Spiderman – Superhelden privat

Titel: Spider-Man – Brand New Day

Regie: Destin Daniel Cretton

Besetzung: Tom Holland, Zendaya, Jacob Batalon, Sadie Sink, Jon Bernthal, Tramell Tillman, Michael Mando und Mark Ruffalo

Kinostart: 29.07.2026

In „Spider-Man – Brand New Day“ ist der private Hintergrund unserer Superhelden das zentrale Thema. Das klingt zuerst langweilig, bringt aber eher die notwendige Tiefe in einen Marvel-Film, die ansonsten oft fehlt. So sind wir bei Spider-Man, Black Widow, Hulk und dem Punisher zu Hause oder an ihrem Arbeitsplatz. Das macht Spaß, wenn man mal den Tassenschrank beim Punisher aufmachen kann und sieht welche Bilder da drin kleben. Das macht sie menschlich, greifbar und witzig.

Es geht aber auch darum wie weit ist ein Superheld wirklich ein Held oder wie nah kann er auch am Monster sein. Diese Frage stellt sich HULK täglich und auch bei den anderen Superhelden und Superheldinnen gibt es schon Grenzüberschreitungen. Das macht den Kampf mit den vermeintlich Bösen nicht leichter. Zumal auch diese gute Seiten haben. Mit einem Satz: Es ist kompliziert.

Was „Spider-Man – Brand New Day“ aber wieder so richtig auflockert sind die oft mit Ironie durchzogenen Actionszenen. Diese sind inzwischen so ausgereift, dass man sich diesen Film definitiv in Motion Seats (Bewegten Kinosesseln) gönnen sollte. Denn auch die langsamen Szenen werden mit spannenden kleinen Bewegungen unterstützt.

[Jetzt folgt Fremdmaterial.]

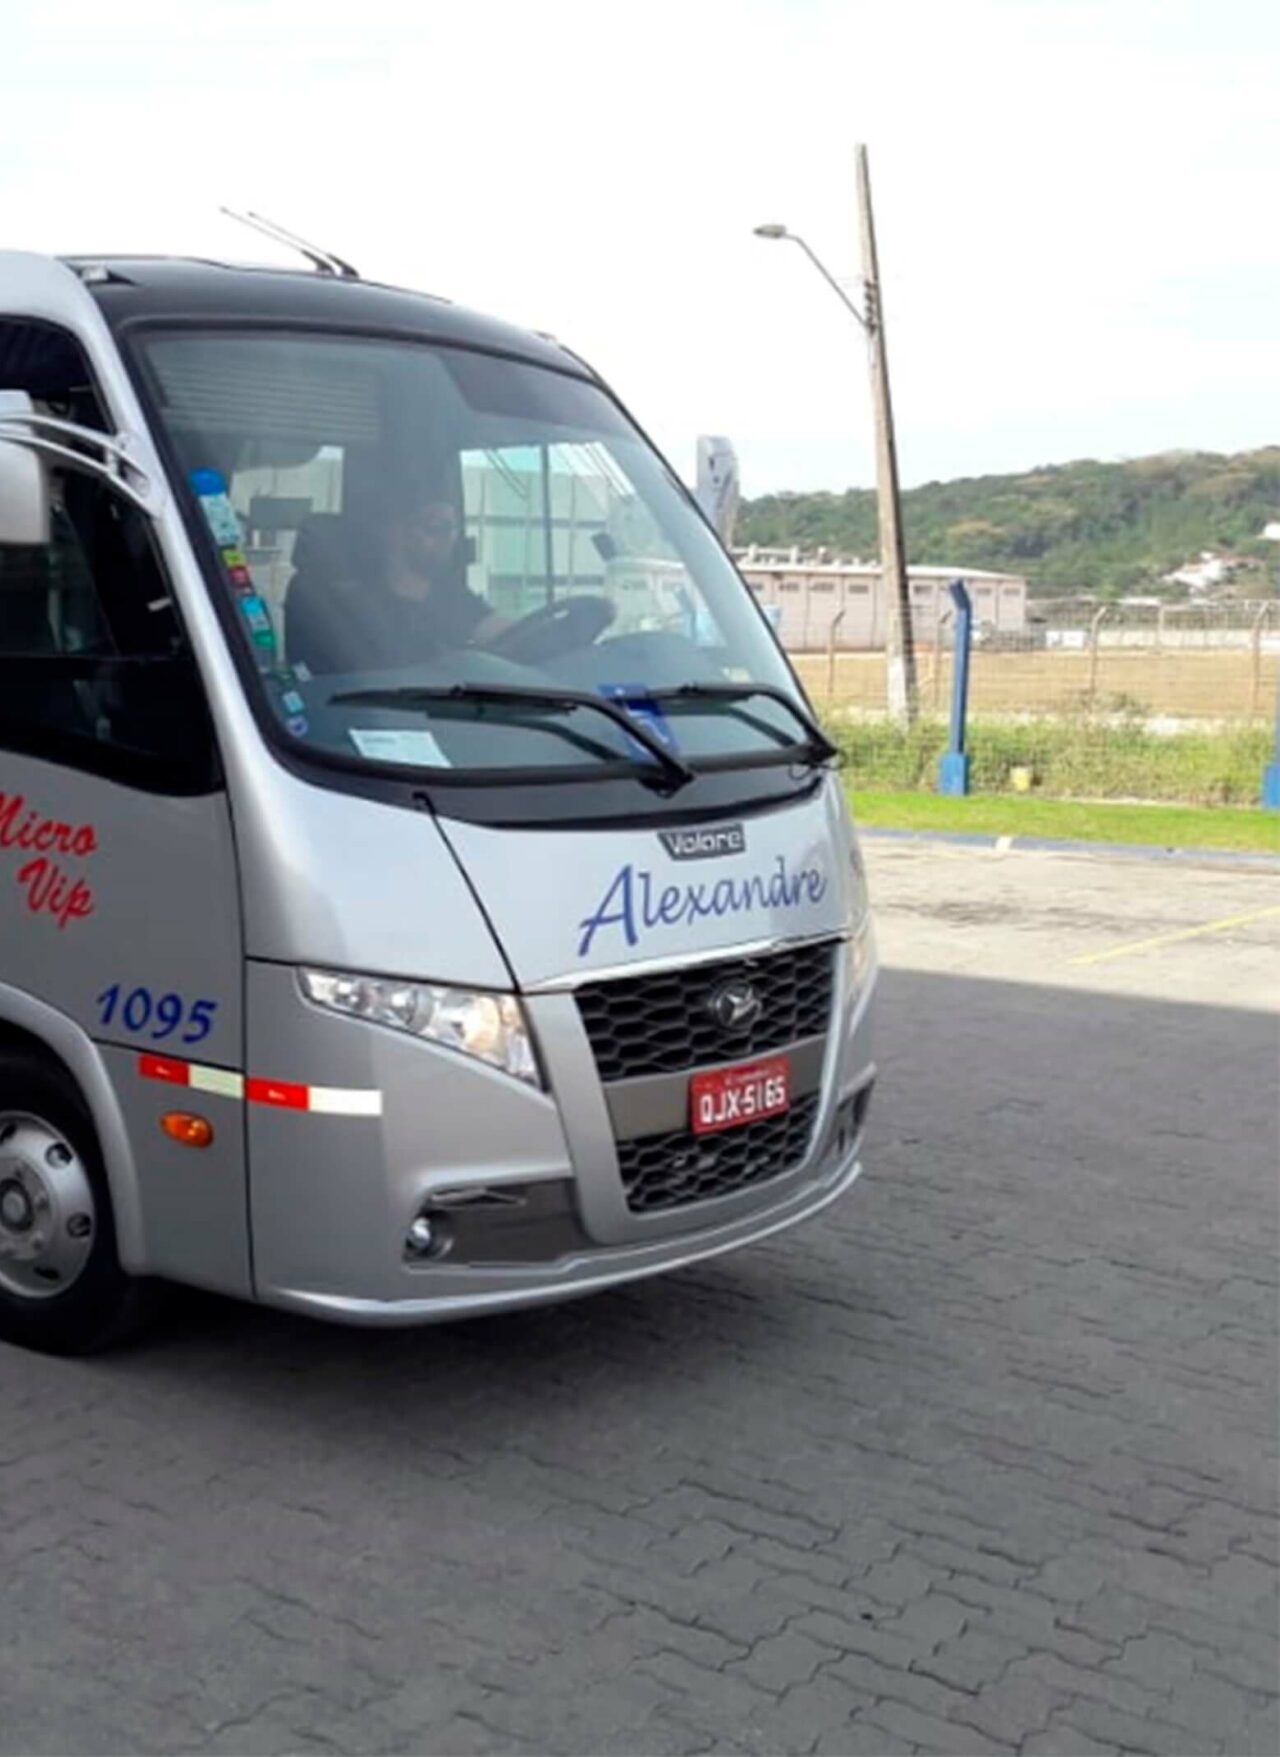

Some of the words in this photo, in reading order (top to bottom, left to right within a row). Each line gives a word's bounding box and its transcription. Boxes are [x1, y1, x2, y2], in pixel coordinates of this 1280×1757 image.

Leider ist aber auch dieser Spider-Man sehr vorhersehbar und man erkennt schon in der ersten Sekunde, welcher Gutmensch später zum Bösen wird und andersrum. Story-Twister zeichnen sich schon weit vorher ab und so werden die 145 Minuten dann doch lang. Am Ende hat man zwar eine gute persönliche Zeit erlebt, aber für ein bewegendes Kinoerlebnis braucht es dann schon mehr. Spiderman ist eben dann doch nur Mainstream, aber dennoch gut.